The Campaign Legal Center and other reform organizations, filing an amicus with the District Court, took the position that disclosure requirements may be applied to all manner of “political” and not just “campaign finance” spending. They argue that expenditures for communications directed to the public are within Congress’ authority to regulate in the same way, within the same broad authority, that it compels reporting of the paid lobbying of government officials. The reform amici maintain that “[f]or disclosure purposes, there is no constitutional line between express advocacy and so-called ‘issue advocacy.’” Brief for Campaign Legal Center et al. as Amici Curiae In Support of Defendants, Rocky Mountain Gun Owners, No. 14-cv-02850-REB-KLM (D. Colo. Nov. 25, 2014) at 11.
This line of argument once again leads to the question that has haunted modern campaign finance: do its burdens fall equally on the big and the small alike, on the powerful on the “inside” as much as on the less powerful on the “outside.” CLC and its allies liken the disclosure of paid lobbying–direct contacts with legislators–to reporting requirements imposed on organizations formed by like-minded citizens to advocate their positions by media or mail to the general public. In the reform organizations’ view, these two sources of spending are basically indistinguishable: each should be subject to “political disclosure” requirements that Congress and state legislators have the authority to enact.

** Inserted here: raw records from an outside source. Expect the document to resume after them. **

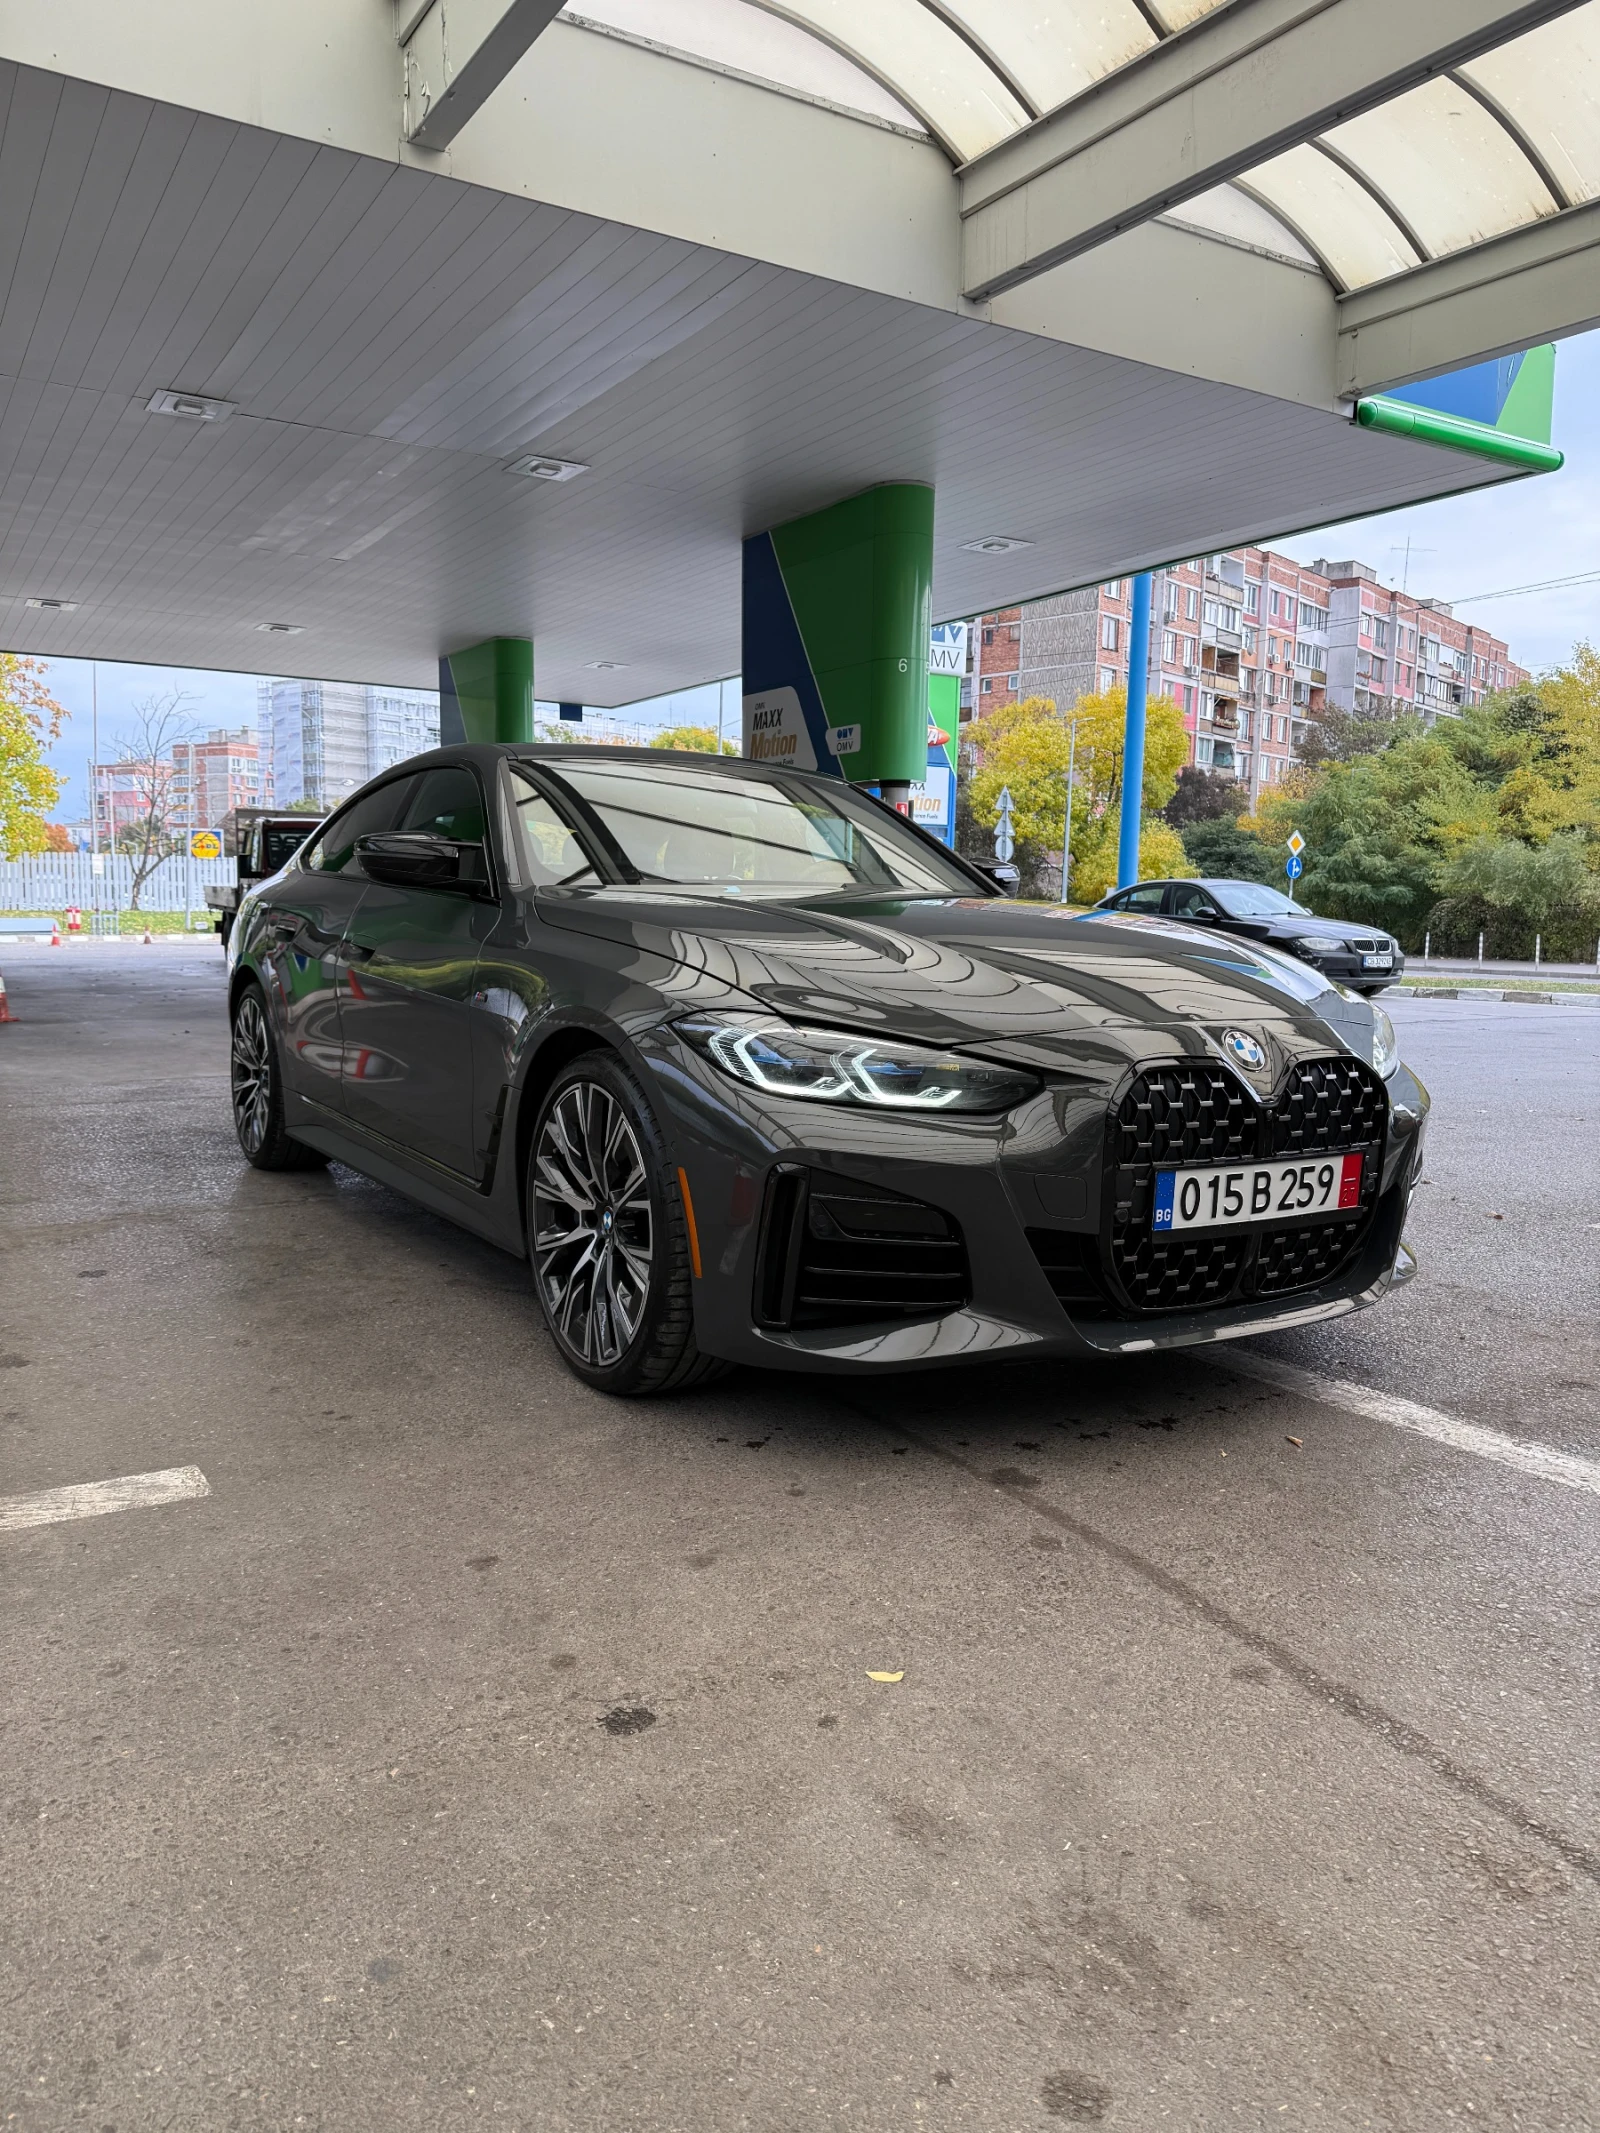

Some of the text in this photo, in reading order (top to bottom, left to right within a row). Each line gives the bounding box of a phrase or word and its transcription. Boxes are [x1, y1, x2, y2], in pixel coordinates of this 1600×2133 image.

[898, 658, 908, 673] 6
[931, 649, 960, 669] MV
[753, 708, 783, 731] MAXX
[750, 730, 797, 760] Motion
[836, 741, 854, 752] OMV
[914, 793, 941, 811] tion
[1155, 1208, 1171, 1223] BG

The history of campaign finance demonstrates that unless this problem of big versus small, those on the outside versus those on the inside, is absorbed into the body of the law, the courts eventually step in. Massachusetts Citizens For Life v. Federal Election Commission stands out as an example: there the Court twisted doctrine into knots to protect from the FEC a local abortion-rights group and a voter guide funded by bake sales. The estate of Margaret McIntyre benefited from this same judicial impulse in McIntyre v. Ohio Election Commission. And Denniston is likely right that the Supreme Court will have this opportunity again, in a case like the one in Colorado, as the arguments over donor privacy escalate.

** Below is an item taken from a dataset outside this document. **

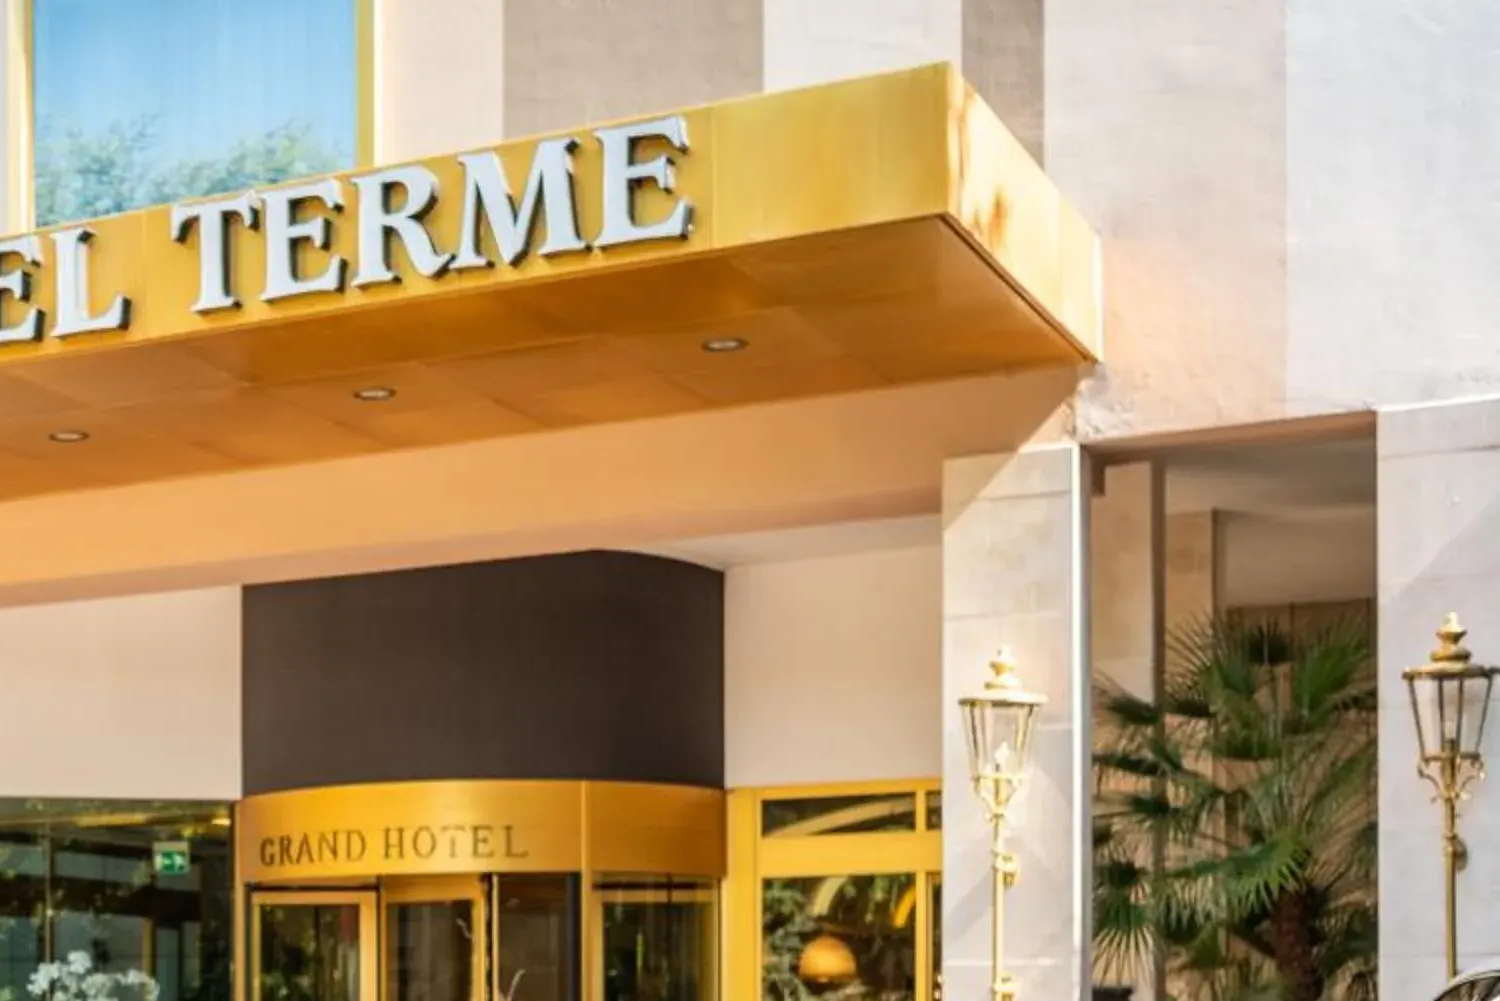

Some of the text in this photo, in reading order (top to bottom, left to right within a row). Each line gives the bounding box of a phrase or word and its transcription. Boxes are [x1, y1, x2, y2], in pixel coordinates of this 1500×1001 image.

[170, 116, 694, 313] TERME
[260, 824, 529, 867] GRAND HOTEL

The factors that could draw in the Court include the nature of the speech—“political” speech that is not express advocacy—its mode (e.g. print or media), and its scale. An organization of modest size that finances mailings with small donations might have reason to expect a friendly audience for a challenge to expansive public disclosure.
In Colorado, for example, the $1,000 threshold is clearly on the low side; and organizations required to report must disclose not just the identity of donors of more than $250, but also their names and addresses. The sweep of a disclosure rule constructed in this way could be hard for a court to take.
By rejecting relief along these lines and insisting on expansive “political disclosure,” the reform community is inviting the sort of fight with the courts that it will likely lose. And when it loses, we have seen, it may not lose narrowly. Experience tells us that the doctrines emerging from these conflicts often dispense with the finer distinctions. The outcome of these disclosure fights could be one that extends protection to the big and small, to the insider as well as outsider, putting Mrs. McIntyre and the bake sale organizers in the same company with the high political financiers.